The very melding Stephenson performs on the meta-elements of his text is the very same that occur through much of the narrative. There are scenes of alchemical melding, rudimentary chemistry (extracting phosphorus from urine), and all the way up the chain of metaphor – the blending of the enlightenment ideals with the medieval world of kings, swordplay, pirates, conquest and treasure.

In the late 1600s, the world is on the brink of modern commerce. The staples of exchange – stamped silver Pieces of Eight – are being replaced with bank notes, lines of credit, stocks, bonds. With it come all the messy realities of that change – international shipping with the threat of piracy, imperialistic powers growing, spreading influence to every corner of the globe.

Jack Shaftoe is at the height of his adventuring powers, escaping from galley slavery with ten fellow slaves. With him are the high points of the book – when his colorful Cabal steals legendary gold from a French Duke, setting off a battle in the streets of Cairo, fleeing through the Red Sea and into the Indian Ocean. They continue on after an extended layover in India, defeating Moghul armies, wooing savage tribal queens, constructing a monumental ship to traverse the vast Pacific. Comparisons to other grand nautical tales (Moby Dick, etc) are apt.

Back in Europe, Eliza has her own close calls, marrying the son of her arch-nemesis, a near-fatal bout of smallpox. The natural philosophers take a back seat to the plotting and money-scheming. Although Waterhouse, Newton and Leibniz are present – they function more as political pawns than brilliant scientists. Eventually Daniel hops a ship Massachusetts bound, not for religious amnesty, but more so to find a quiet cabin at the Massachusetts Institute of Tecknologikal Arts and perfect Leibniz’s calculating machine.

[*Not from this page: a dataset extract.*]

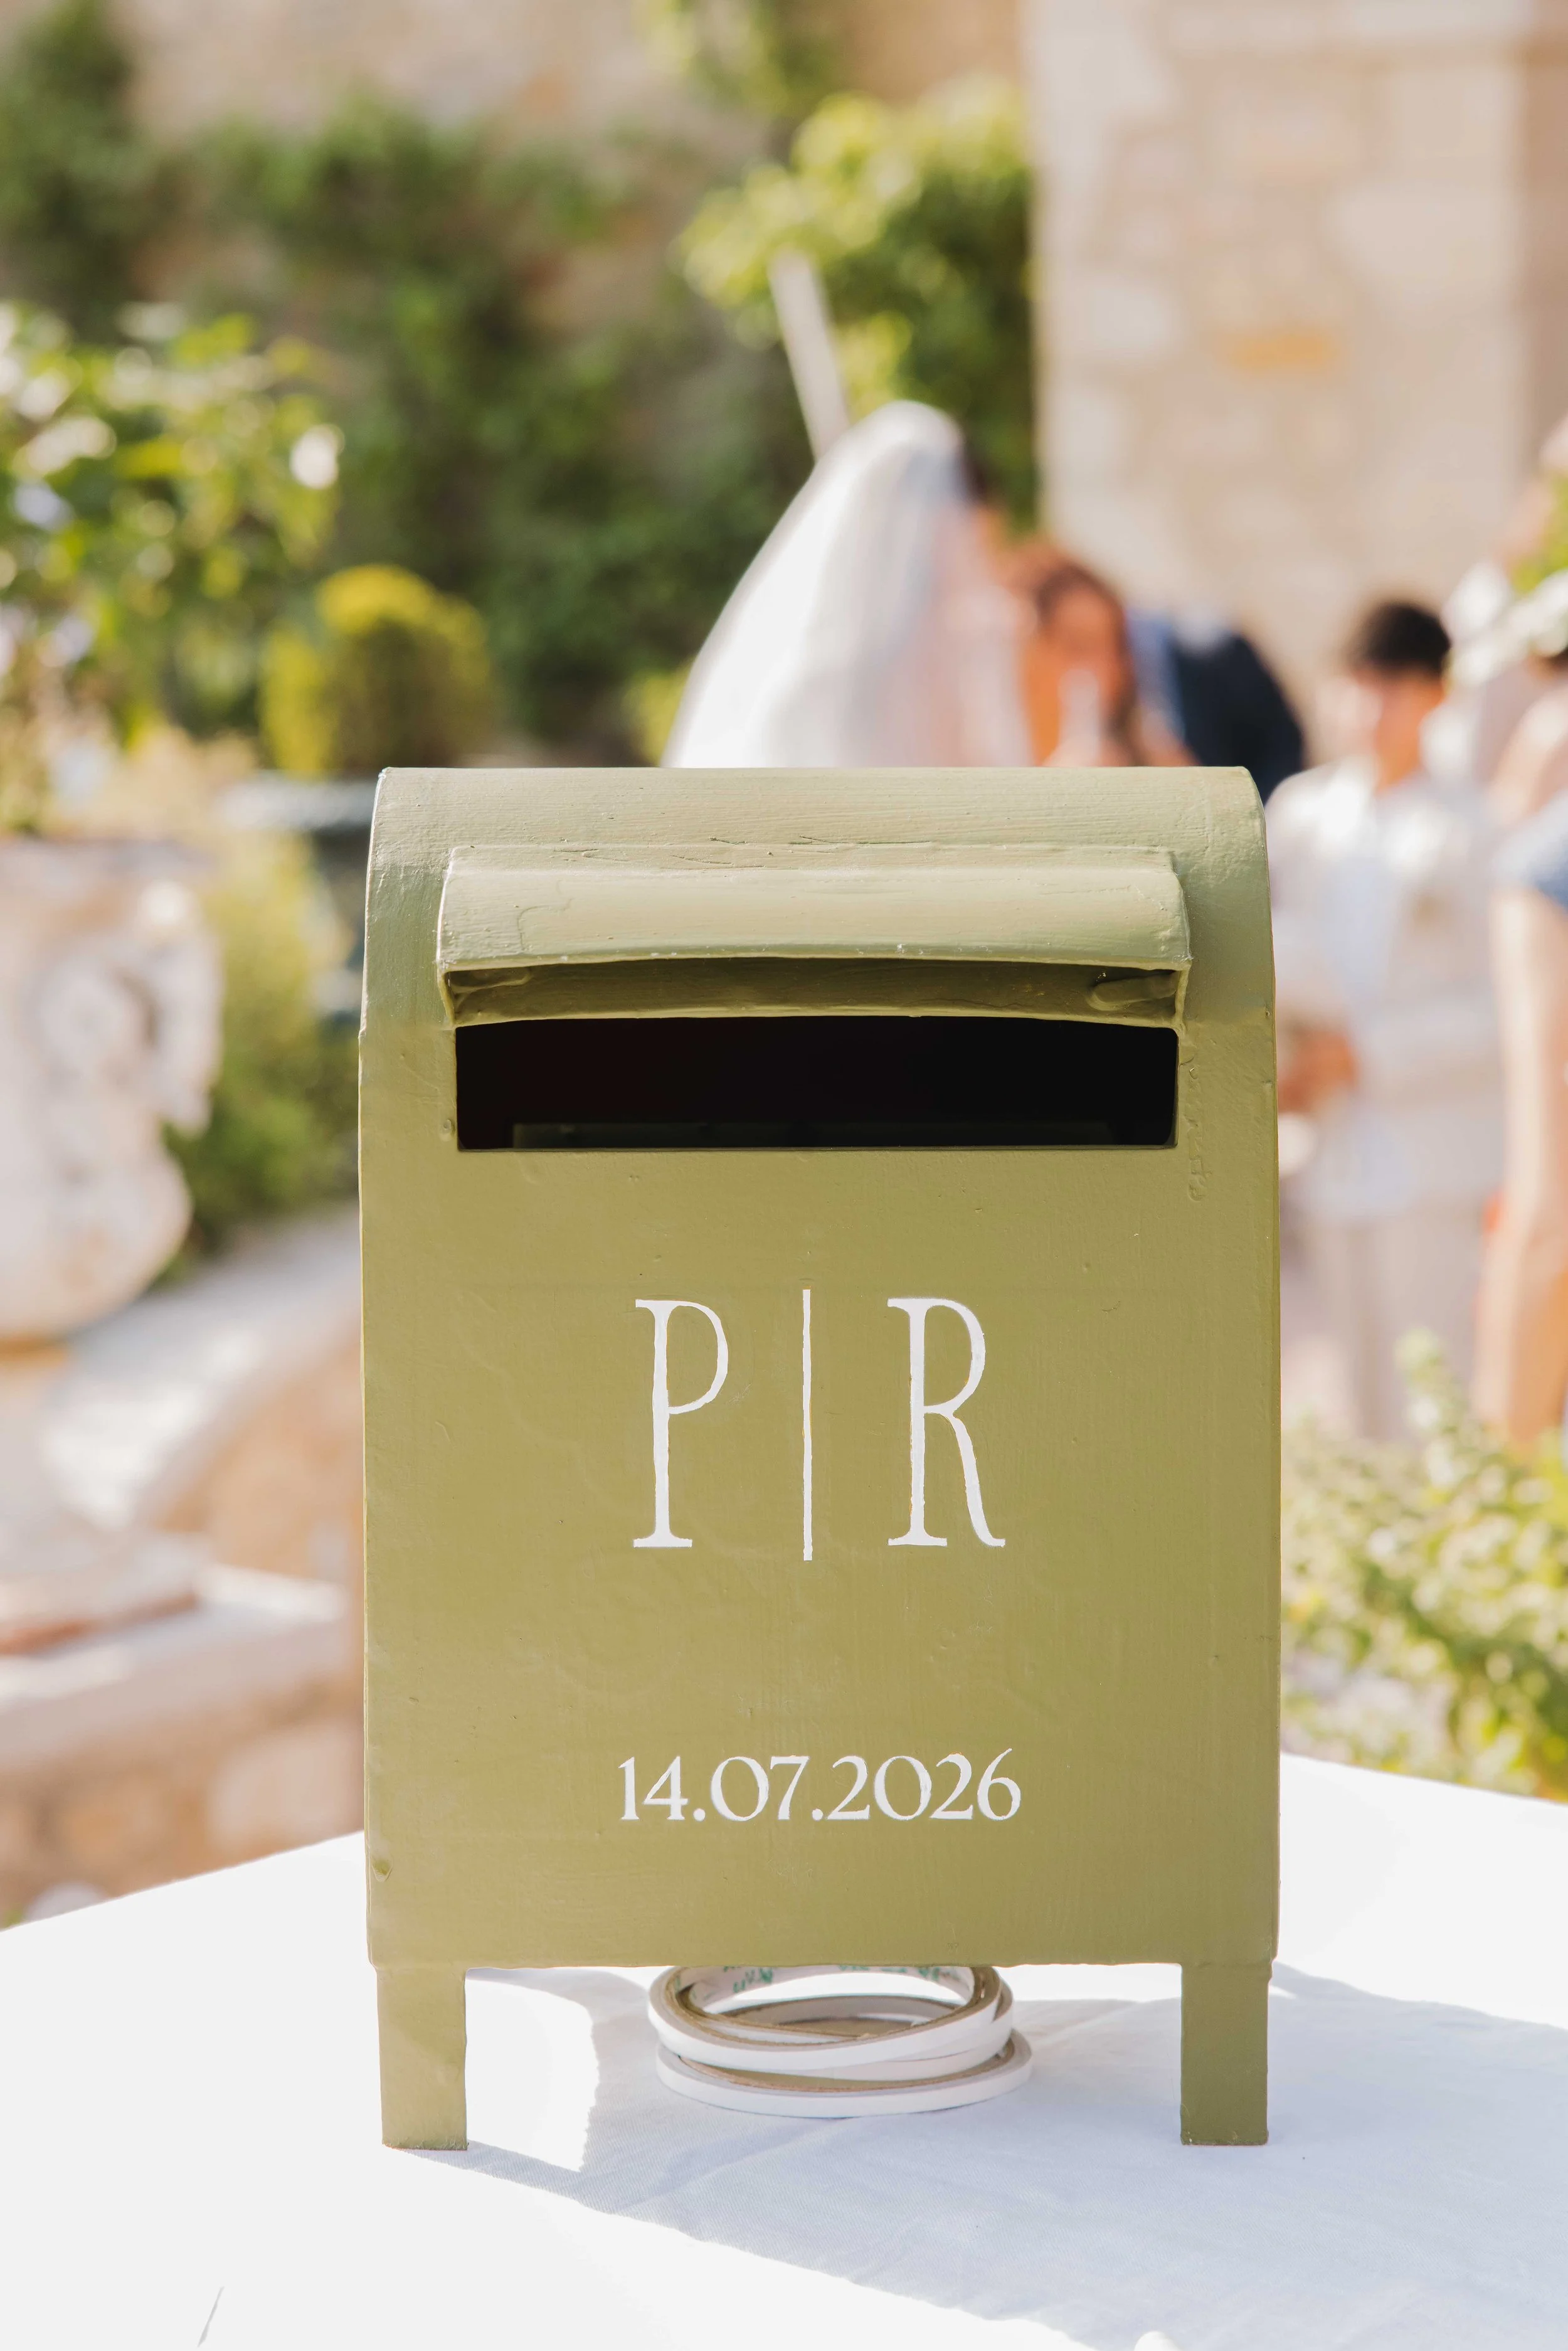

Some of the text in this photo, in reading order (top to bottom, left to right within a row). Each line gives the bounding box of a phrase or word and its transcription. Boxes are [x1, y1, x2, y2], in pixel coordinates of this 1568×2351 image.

In any case, the book contains a number of brilliant scenes, exchanges, letters, dialogues and twists. Much of the modern world (international commerce, currency, banks, credit) we take as immovable, inevitable, obvious. But there was a time when those foundations were fluid, unfixed, like liquid silver before it has been poured and stamped and given value. Stephenson’s gift – he’s made that history real (sans Enoch Root), and even more so – fun.